Try [email protected]


----------



## L4G81 (Nov 12, 2006)

Looking for one with lights and a radio while you're at it? 



9c1Caprice said:


> What's up guys and gals? I'll start off by saying that I am NOT an officer of the law. But if it counts for anything, my Stepfather is. Anywho, I was wondering what the departments do with the old cruisers? In particular, 91-96 Chevy Caprice(9c1 package). I know, ancient. But I love them! Do any departments have them just rotting away "outback" or are there any MA departments that still run these? I know most run the p71 Crown Vics, or the Chargers(which look AWESOME!).
> 
> Its in the WTB/FS section because if you know of a department that has one no longer in service, what could I do to purchase it!? Do the towns typically just send the old Cruisers out to auction? Thanks for reading...


----------



## 263FPD (Oct 29, 2004)

9c1Caprice said:


> What's up guys and gals? I'll start off by saying that I am NOT an officer of the law. But if it counts for anything, my Stepfather is. *Anywho*, I was wondering what the departments do with the old cruisers? In particular, 91-96 Chevy Caprice(9c1 package). I know, ancient. But I love them! Do any departments have them just rotting away "outback" or are there any MA departments that still run these? I know most run the p71 Crown Vics, or the Chargers(which look AWESOME!).
> 
> Its in the WTB/FS section because if you know of a department that has one no longer in service, what could I do to purchase it!? Do the towns typically just send the old Cruisers out to auction? Thanks for reading...


Anywho?

Are you serious?

By the way, I have been driving a Cro. Vic at my job for 12 years, WTF is "p71"?

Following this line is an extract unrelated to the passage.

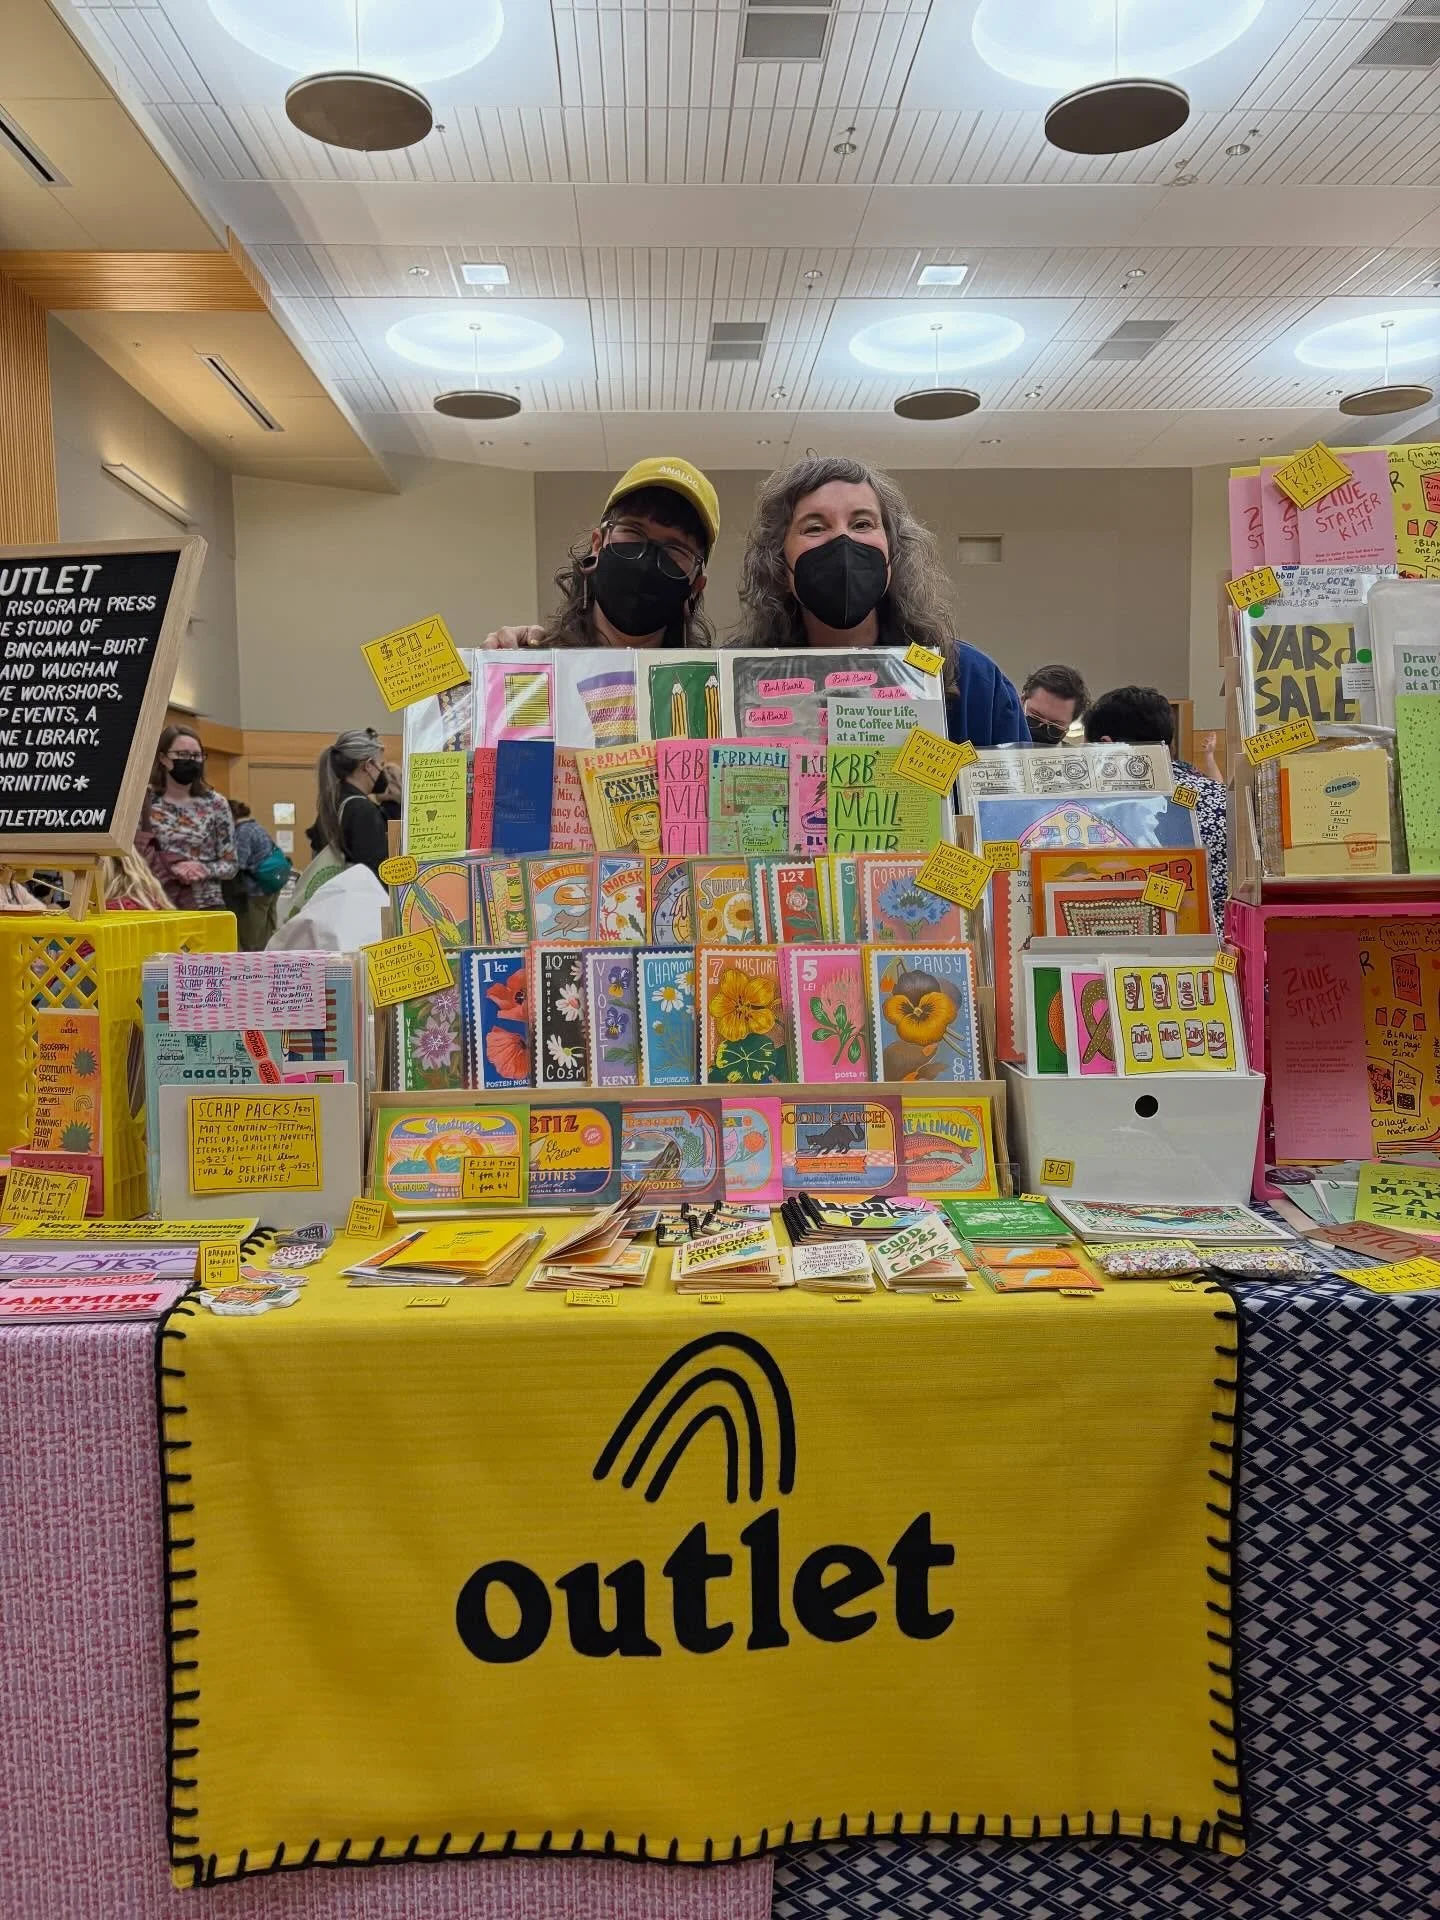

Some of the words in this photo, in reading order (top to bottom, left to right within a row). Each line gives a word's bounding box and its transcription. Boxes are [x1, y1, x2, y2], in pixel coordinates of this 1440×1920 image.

Do you have all your lights picked out for this Caprice you are trying to buy?

My suggestion, ask your stepdad what we would do to you if we caught you driving one of those all outfitted with pretty Christmas lights.

*Also, I suggest you take the test bellow*

Whacker/Wannabe Test on Policeposers.com


----------



## Goose (Dec 1, 2004)

Do you honestly believe that any department in their right mind is going to have a car (even sitting in the boneyard for spare parts) that has no commonality with the current fleet of vehicles and is 13 years old?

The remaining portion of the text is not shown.